Charlie Sifford works out at a course in Los Angeles in 1957 after winning $11,500 in the Long Beach Open. Sifford helped break the color barrier in the PGA.
Harold P. Matosian
/
AP
Charlie Sifford works out at a course in Los Angeles in 1957 after winning $11,500 in the Long Beach Open. Sifford helped break the color barrier in the PGA.

He started out in golf as a caddy, earning handfuls of change as a boy. Decades later, Charlie Sifford was named to the World Golf Hall of Fame, after a career marked by talent, character and the drive to change his sport. Sifford, the first black golfer to hold a PGA Tour card, has died at age 92.

"I knew what I was getting into when I chose golf," Sifford told Golf Digest in 2006. "Hell, I knew I'd never get rich and famous. All the discrimination, the not being able to play where I deserved and wanted to play — in the end I didn't give a damn. I was made for a tough life, because I'm a tough man. And in the end I won; I got a lot of black people playing golf. That's good enough. If I had to do it over again, exactly the same way, I would."

Sifford died in Cleveland, Ohio, where he lived after retiring from playing golf. The Cleveland Plain Dealer says Sifford died of cardiac arrest last night, citing the golfer's son.

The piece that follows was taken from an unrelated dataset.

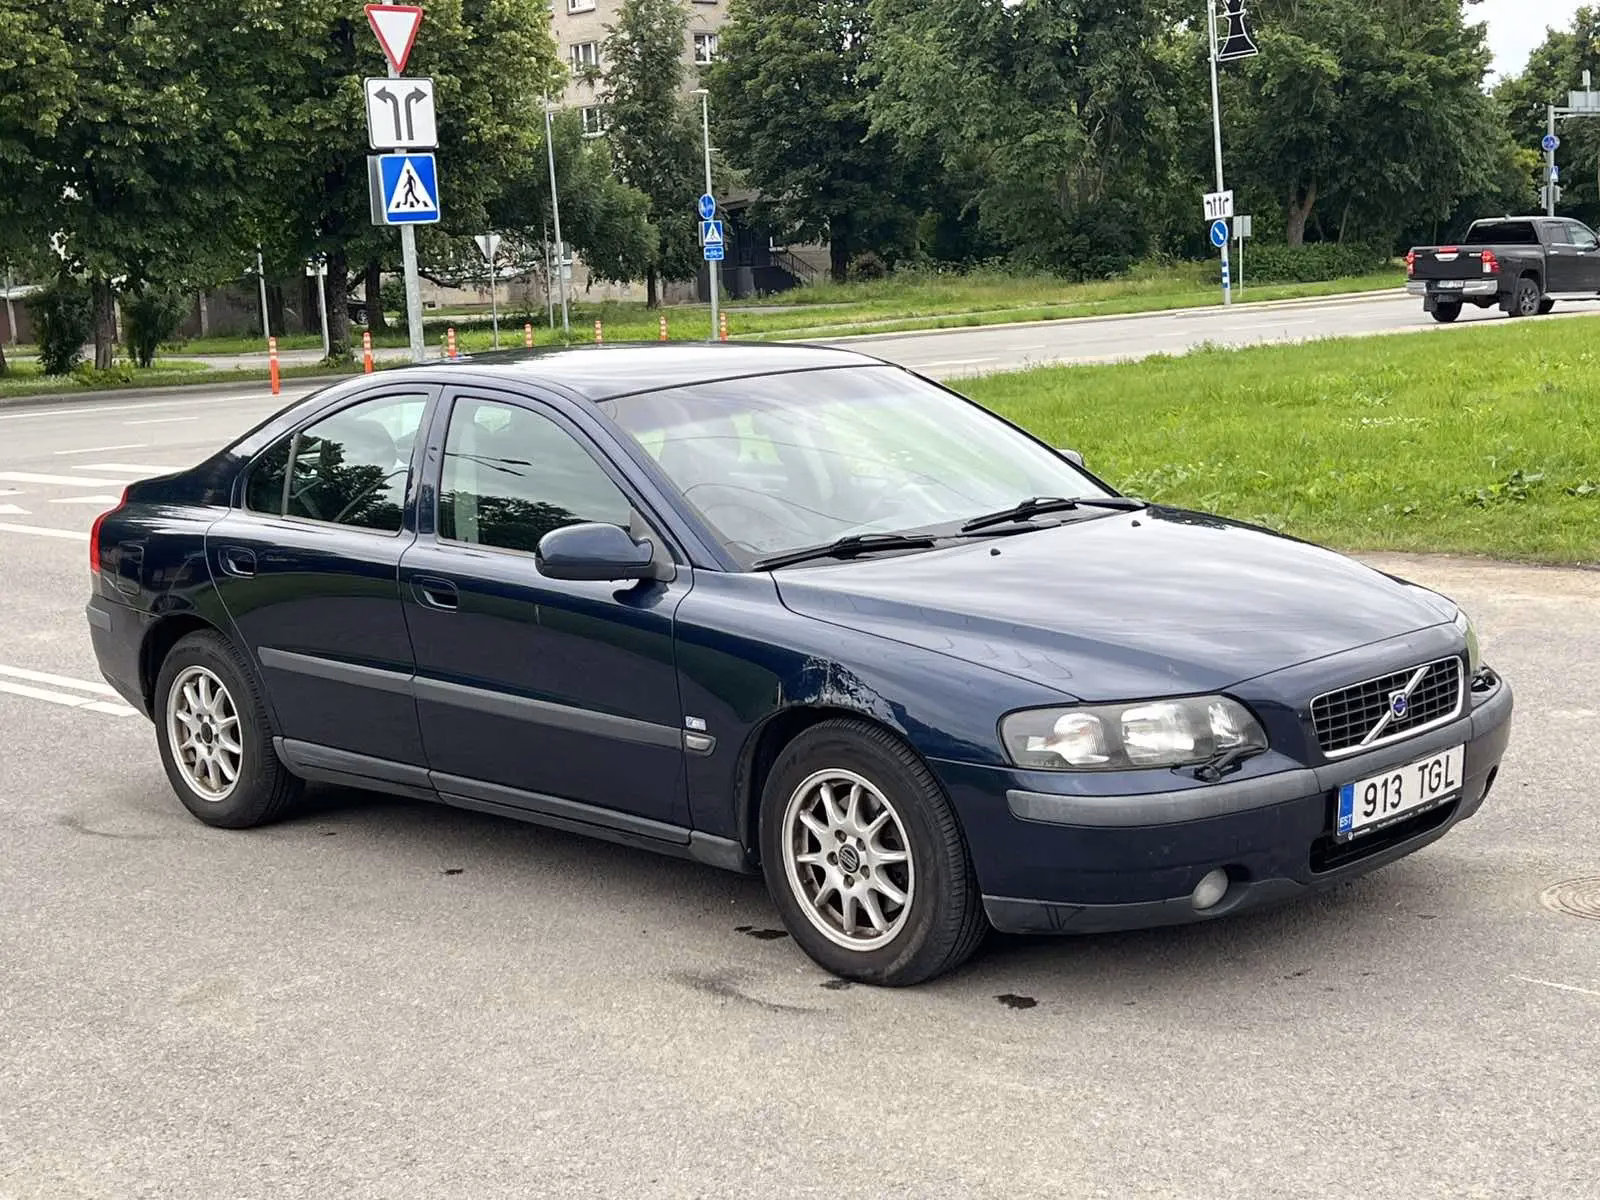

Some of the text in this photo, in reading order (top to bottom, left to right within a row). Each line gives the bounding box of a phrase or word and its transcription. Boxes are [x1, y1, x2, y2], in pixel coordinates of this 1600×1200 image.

When he started playing golf professionally, the sport was divided: The PGA operated under a "Caucasians only" rule, leaving Sifford and other black golfers to compete in events like the National Negro Open — which he won five times in a row in the 1950s.

Sifford was a native of Charlotte, N.C.; at 17, he moved to Philadelphia, where he played on municipal courses such as Cobb's Creek Golf Club. The website Trenham Golf History says that at Cobb's Creek, Sifford often played against Howard "Butch" Wheeler, a black golfer from Atlanta who "played cross- handed, which was the case with many black men who were left-handed, as they had little access to left-handed golf clubs."

Propelled by a desire to compete on golf's most competitive — and most rewarding — levels, Sifford began pushing on the color barrier in the 1950s, when he won the Long Beach Open (a non-PGA tournament). He then won the Almaden Open in 1960.

Along the way, Sifford was helped by the boxer Joe Louis and the bandleader Billy Eckstine, for whom he became a traveling aide and golf coach. He also became known for his habit of taking cigars onto the course with him.

In 1960, the PGA gave him "approved" status, placing him in a category normally used for foreign golfers. Sifford earned a PGA Tour card when the organization ended its segregation policy the following year.

The Charlotte Observer reports:

"He was invited to play in the 1961 Greater Greensboro Open at Sedgefield Country Club and became the first black golfer to play in a PGA-sanctioned event in the South. Sifford has said he remembers seeing armed law enforcement officers at the first hole when he arrived to play his first round in Greensboro in April 1961.

"He shot 68 and held the first-round lead that day. He received a death threat that evening but played through the weekend and eventually finished fourth despite dealing with some fans who made it clear they didn't believe he should be playing."

Sifford finally broke through in 1967, winning the PGA's Greater Hartford Open Invitational.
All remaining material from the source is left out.